### Data section
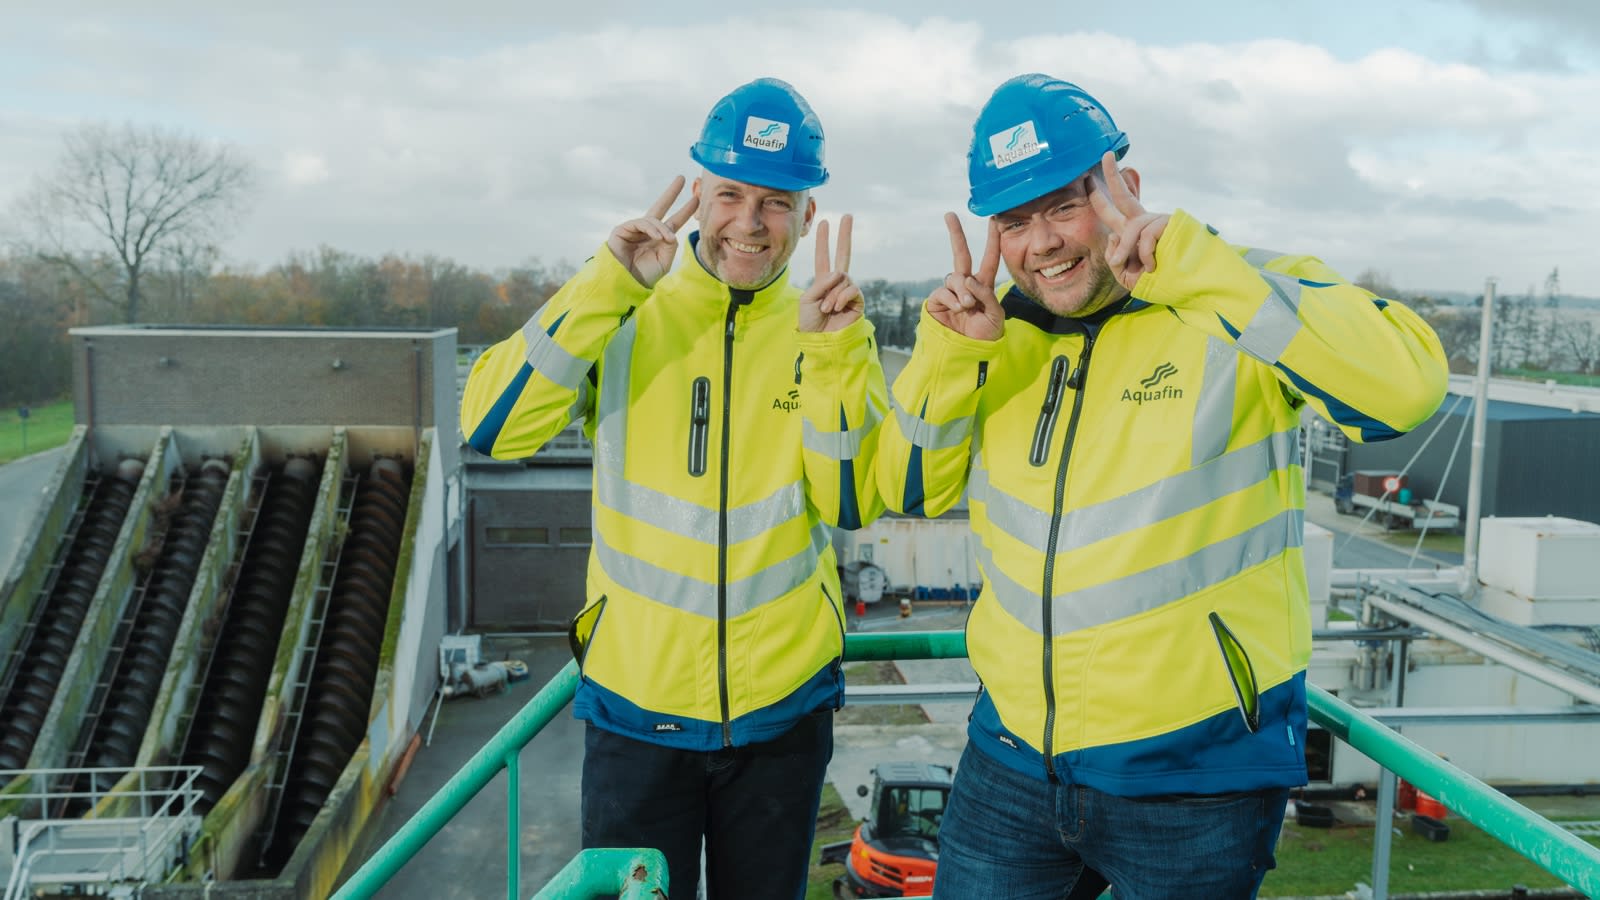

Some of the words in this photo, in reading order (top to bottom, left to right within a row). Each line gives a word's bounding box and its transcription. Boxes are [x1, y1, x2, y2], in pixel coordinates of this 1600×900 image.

[745, 134, 785, 149] Aquafin
[997, 142, 1038, 165] Aquafin
[1121, 385, 1183, 406] Aquafin
[772, 398, 801, 413] Aqu
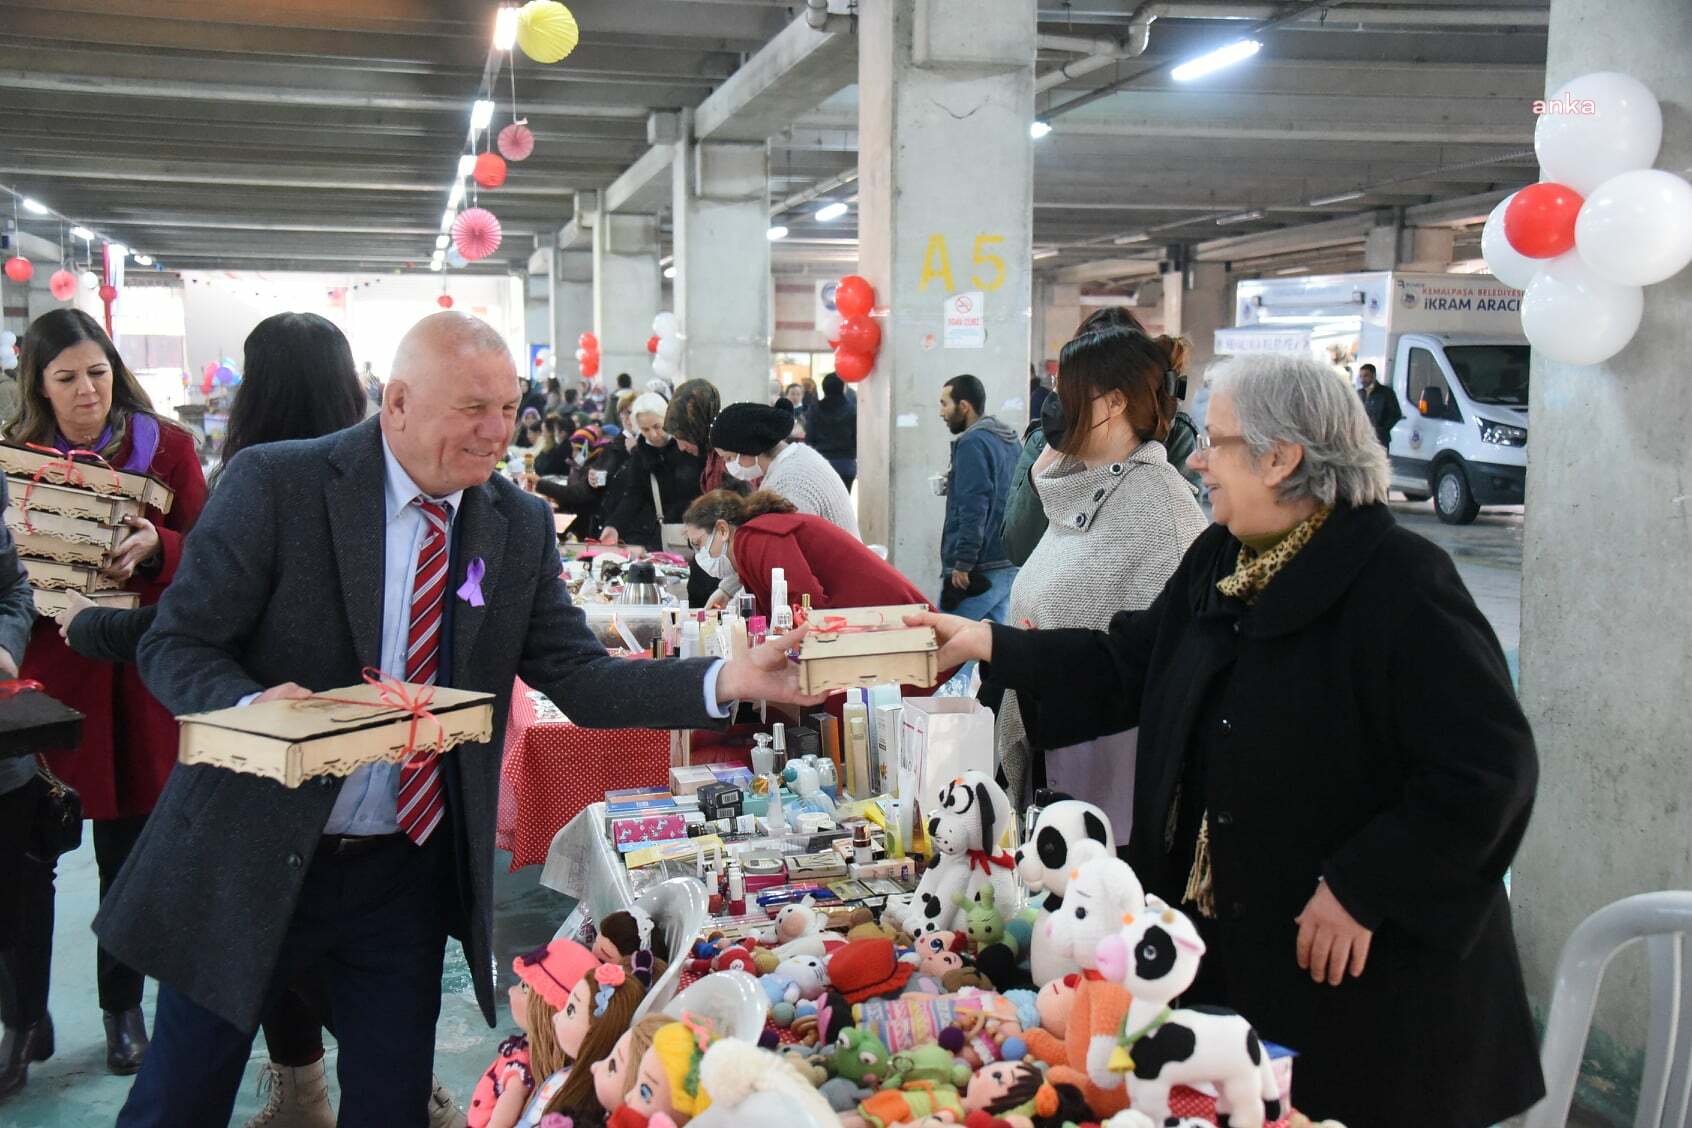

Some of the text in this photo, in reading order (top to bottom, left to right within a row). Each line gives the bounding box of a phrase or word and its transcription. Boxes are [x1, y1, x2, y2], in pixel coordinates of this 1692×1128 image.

[917, 232, 1007, 292] A 5
[1477, 298, 1520, 312] ARACI
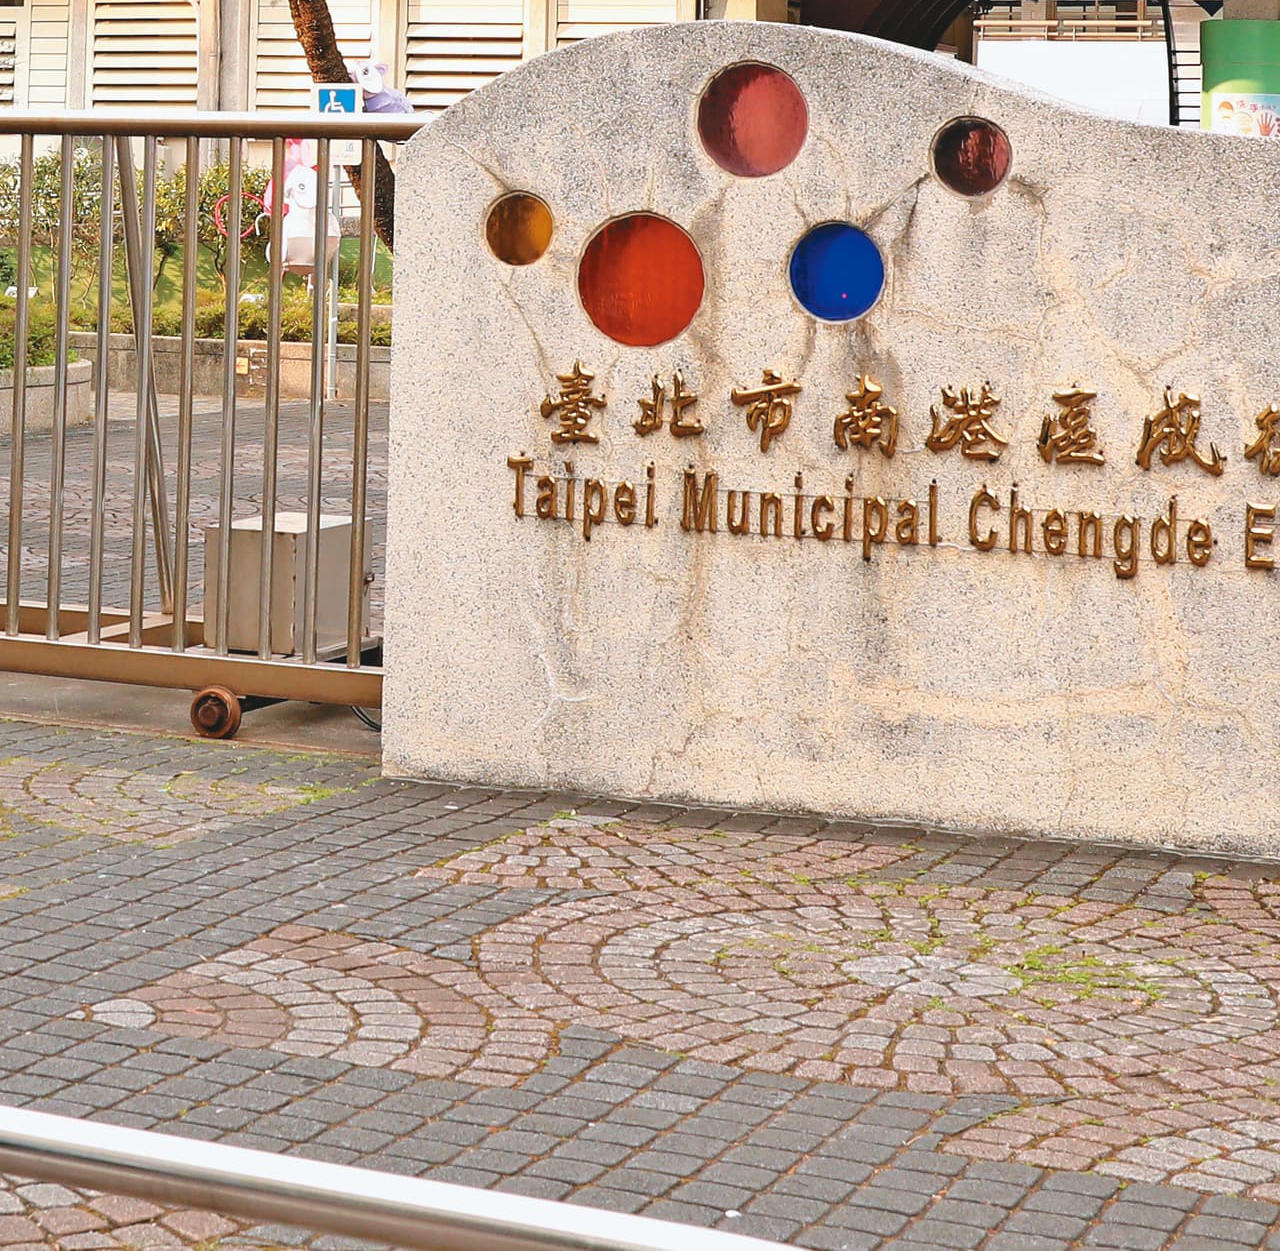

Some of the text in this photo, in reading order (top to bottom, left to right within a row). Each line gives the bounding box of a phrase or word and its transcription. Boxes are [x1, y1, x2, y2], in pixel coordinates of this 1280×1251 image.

[507, 452, 658, 541] Taipei
[680, 464, 938, 562] Municipal
[969, 480, 1213, 579] Chengde
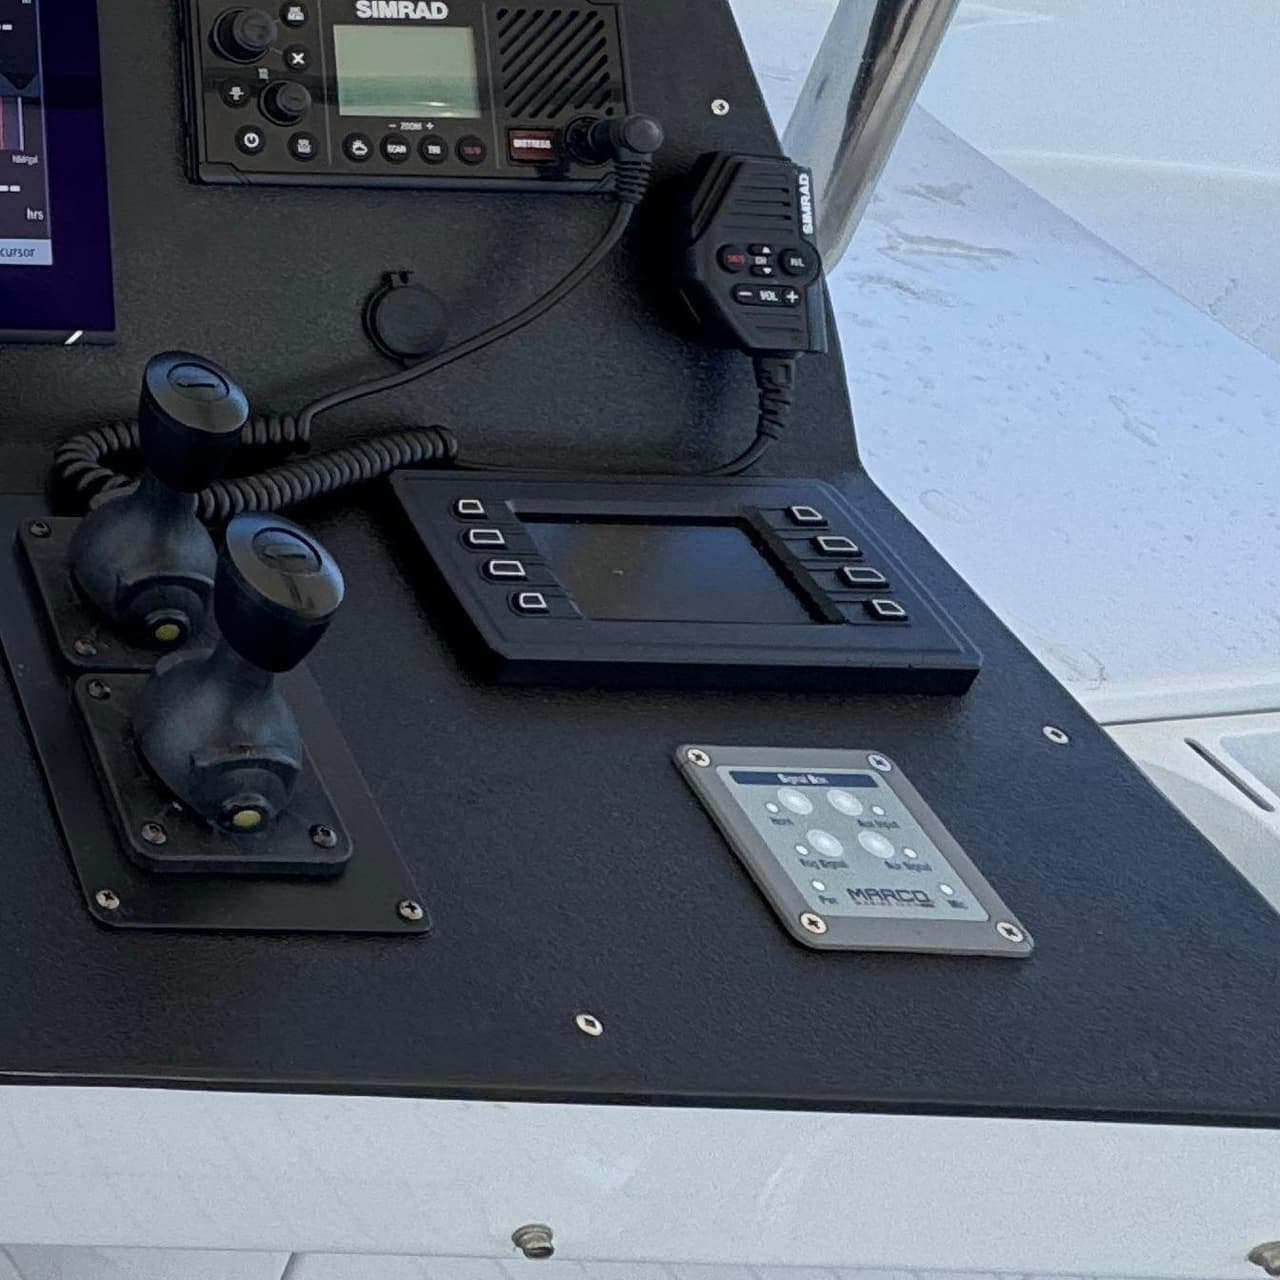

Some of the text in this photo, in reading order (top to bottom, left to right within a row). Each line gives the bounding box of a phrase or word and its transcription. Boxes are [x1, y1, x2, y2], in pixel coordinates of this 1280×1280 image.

[355, 0, 449, 20] SIMRAD
[799, 173, 814, 235] SIMRAD
[26, 207, 44, 220] hrs
[0, 246, 36, 258] cursor
[760, 290, 778, 301] VOL
[847, 888, 931, 903] MARCO

### What this task involves
Write out all the records exactly, omitting the images.

### Written solution
Some of the words in this photo, in reading order (top to bottom, left to right within a row). Each line gives a word's bounding box and its transcription. Boxes are [x1, y1, x2, y2], in pixel coordinates of this 1600×900 image.

[745, 134, 785, 149] Aquafin
[997, 142, 1038, 165] Aquafin
[1121, 385, 1183, 406] Aquafin
[772, 398, 801, 413] Aqu

Some of the text in this photo, in reading order (top to bottom, left to right within a row). Each line gives the bounding box of a phrase or word and its transcription. Boxes are [x1, y1, x2, y2], in pixel coordinates of this 1692×1128 image.

[917, 232, 1007, 292] A 5
[1477, 298, 1520, 312] ARACI

Some of the text in this photo, in reading order (top to bottom, left to right within a row). Each line gives the bounding box of a phrase or word and its transcription. Boxes are [x1, y1, x2, y2], in pixel coordinates of this 1280×1251 image.

[507, 452, 658, 541] Taipei
[680, 464, 938, 562] Municipal
[969, 480, 1213, 579] Chengde

Some of the text in this photo, in reading order (top to bottom, left to right within a row). Each line gives the bounding box of a phrase or word and its transcription. Boxes are [x1, y1, x2, y2], in pixel coordinates of this 1280×1280 image.

[355, 0, 449, 20] SIMRAD
[799, 173, 814, 235] SIMRAD
[26, 207, 44, 220] hrs
[0, 246, 36, 258] cursor
[760, 290, 778, 301] VOL
[847, 888, 931, 903] MARCO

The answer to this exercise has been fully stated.